Шрифт:
Интервал:
Закладка:
Раздался клекот орла. Этот резкий звук наткнулся на стену пирамиды, отскочил от нее и как-то зловеще преломился, так что мне показалось, что зашлась бешеным лаем свора диких псов. Мой взгляд изменился.
Гладкая, облицованная рубиновым порфиром, красноватым сиенитом и розоватым гранитом, пирамида показалась мне принадлежащей животному миру, а не минеральному, она будто питалась кровью, пульсирующей почти на поверхности камня. Кровью того, кто вскоре упокоится в ней? Нет, кровью тех, кто изнемог ради ее сооружения. Какая расточительность! Строительство потребовало непомерных трудов и затрат. Лучше было бы дать населению возможность жить как подобает, своей собственной жизнью, а не приносить ее в жертву этому проекту. Мучить целые народы в течение двадцати лет, чтобы возвести мавзолей одному человеку… Грандиозное убивает малых и не делает великих еще более великими, разве что это взятое взаймы величие, потому что они только подчиняют, приказывают, бьют, приносят в жертву и приговаривают. Какая ирония! Возведенная пирамида с замурованным входом воспрепятствует проникновению воров, тогда как главный грабитель упокоится внутри нее…
Как могло случиться, что самое значительное здание, построенное на земле, оказалось гробницей? Сумасбродство оспаривало его у тирании. Следовало ли восхвалять гения, оказавшегося способным на подобное свершение, или же обличать закабаление масс? Что за безрассудное честолюбие? Сперва Мери-Узер-Ра довел своих подданных до полного изнеможения и истребил их, а теперь, может, еще потребует от человечества навеки остановиться перед его саркофагом? Перед ничтожным склепом? Нелепая затея. Удручающее тщеславие.
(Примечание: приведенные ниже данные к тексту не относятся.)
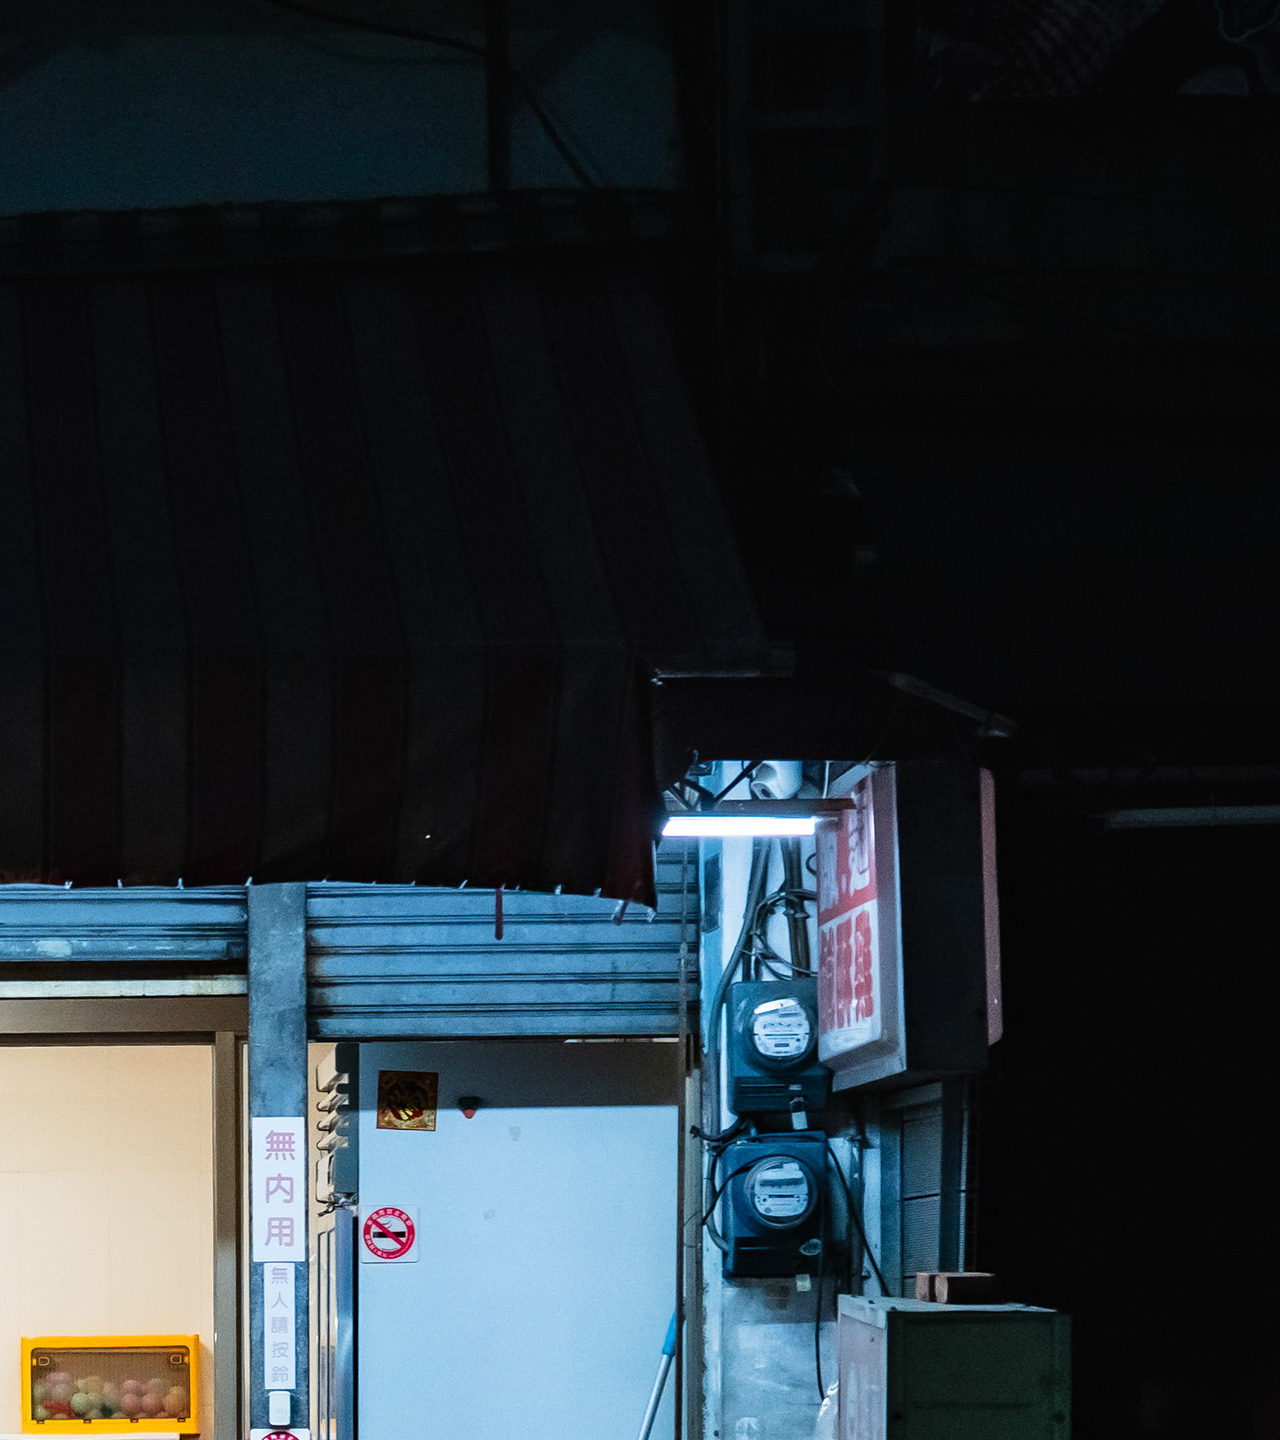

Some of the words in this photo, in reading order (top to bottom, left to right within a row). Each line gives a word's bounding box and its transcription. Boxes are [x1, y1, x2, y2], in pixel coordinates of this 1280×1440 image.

[264, 1130, 295, 1247] 無內用
[271, 1266, 289, 1383] 無人請按鈴
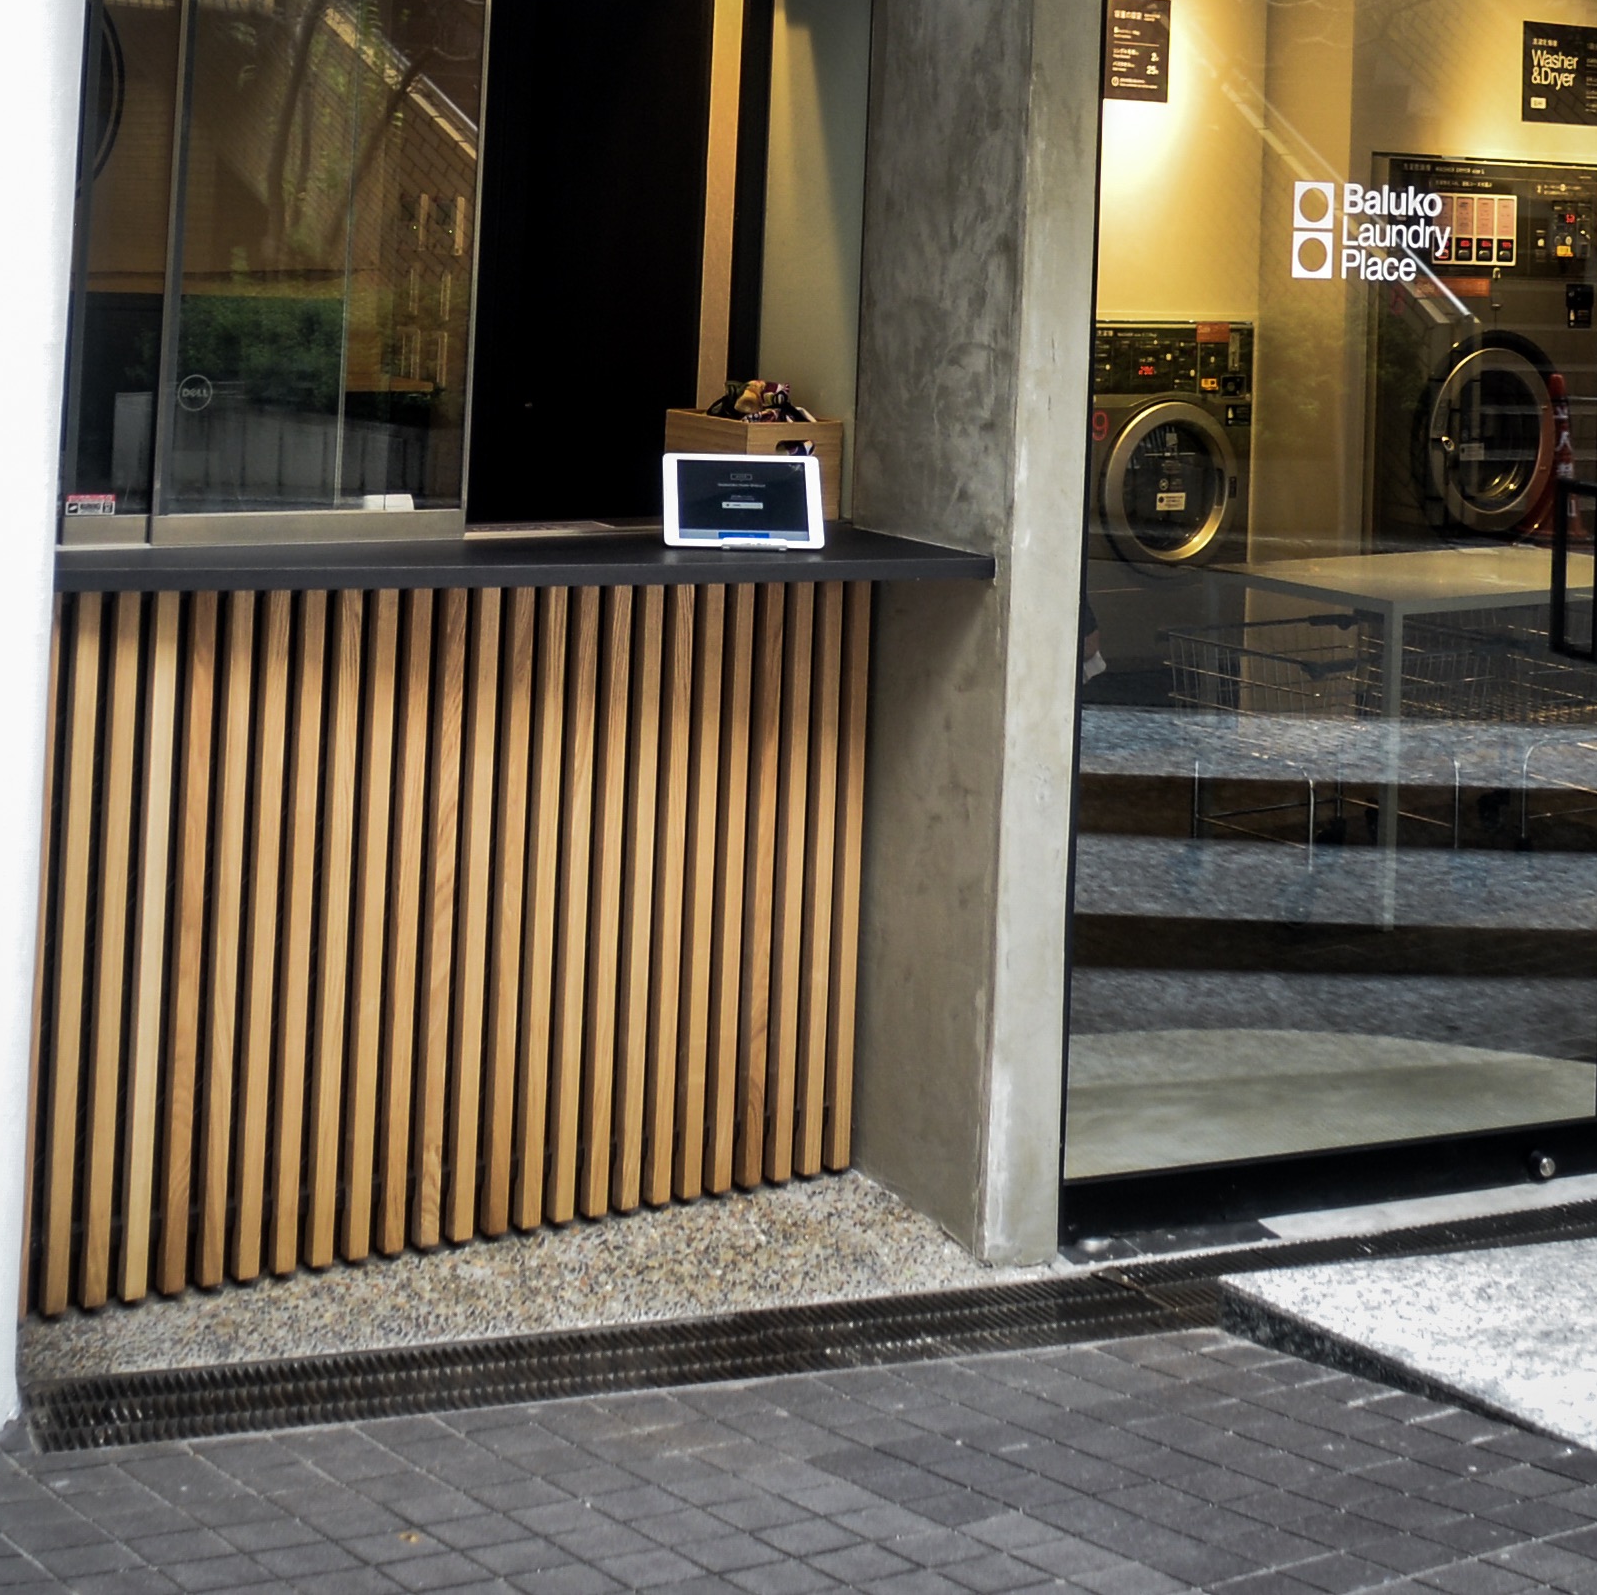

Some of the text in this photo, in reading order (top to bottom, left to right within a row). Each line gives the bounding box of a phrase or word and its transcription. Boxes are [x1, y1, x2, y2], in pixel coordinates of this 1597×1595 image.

[1531, 48, 1579, 70] Washer
[1531, 66, 1575, 91] &Dryer
[1343, 183, 1443, 217] Baluko
[1342, 215, 1451, 257] Laundry
[1341, 248, 1417, 282] Place
Справедлива одна лишь смерть. Она касается и могущественного, и неимущего.
Где ты, Мерет?.. О чем ты думаешь? К тебе уже приближается палач?
Я присел на обломок строительного бруса; откуда-то издалека пришел пронизывающий северный ветер.
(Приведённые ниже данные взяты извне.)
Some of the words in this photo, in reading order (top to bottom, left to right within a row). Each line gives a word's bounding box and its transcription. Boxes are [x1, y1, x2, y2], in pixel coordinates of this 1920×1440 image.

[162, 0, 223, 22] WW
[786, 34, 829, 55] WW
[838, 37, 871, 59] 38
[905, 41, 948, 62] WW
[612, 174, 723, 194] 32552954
Прежде чем умереть, солнце воспламенилось в последний раз. В кронах перекрикивались вороны с черными крыльями, окрашенными последними красными отблесками дня.
Возле моих босых ног безрадостно посверкивали какие-то камешки, влажная темно-лиловая галька.
Теперь пирамида пела иную музыку – гимн абсолютной и несправедливой власти. С тех пор как люди отделились от природы и стали строить жилища, одомашнивать диких животных и разводить растения, они возвысились над всеми, даже над собой. Привилегированные властвовали над «подлым людом». Элита творила историю, писала свое имя на небосводе славы, а массы тем временем обрабатывали поля и таскали бадьи с водой.
Закат обагрил небо кровью. Наступало неотвратимое. Пейзаж исчезал. День угасал под тяжестью ужаса.
Светило уменьшилось, превратившись в едва заметную огненную черту на горизонте. Воздух потускнел. Я только что присутствовал при кончине солнца.
После кровотечения надвигались безмолвие, холод и тьма. Река забвения уносила мир в пропасть.
Мерет была мертва.
* * *
Принято считать, что восход солнца наделяет мир магией. Вместе со светом он, трепещущий от обещаний и искрящийся от нетерпения, дарует желание жить. Его легкое дыхание возвращает к жизни все, включая камни, птиц, человеческие сердца и статуи из розового песчаника.
Тем утром в заре не было ничего от победы. По мере того как она, гнетущая, серая и блеклая, заливала землю, она одновременно освещала картину чудовищной катастрофы: Мерет покинула этот мир, абсолютная власть тирана скосила сотню невинных. Я остался один, переполненный любовью, которую не успел как следует прочувствовать. Утрата Мерет привела меня в отчаяние на грани смертной тоски.
Дымка тумана парила над долиной на краю пустыни. Царящая вокруг тишина подавляла звуки, которые издавали проходившие вдали козы и ослы.
Присев на корточки перед хибарой и обратившись в сторону Ра, Пакен бормотал непрерывные молитвы. Я еще никогда не видел его таким, неопрятным, с опухшими покрасневшими веками, воспаленными ноздрями и прилипшими к голове волосами. Хотя набожным он не был, ритуалы и заклинания давали ему призрачную защиту от скорби; без них он бы пропал.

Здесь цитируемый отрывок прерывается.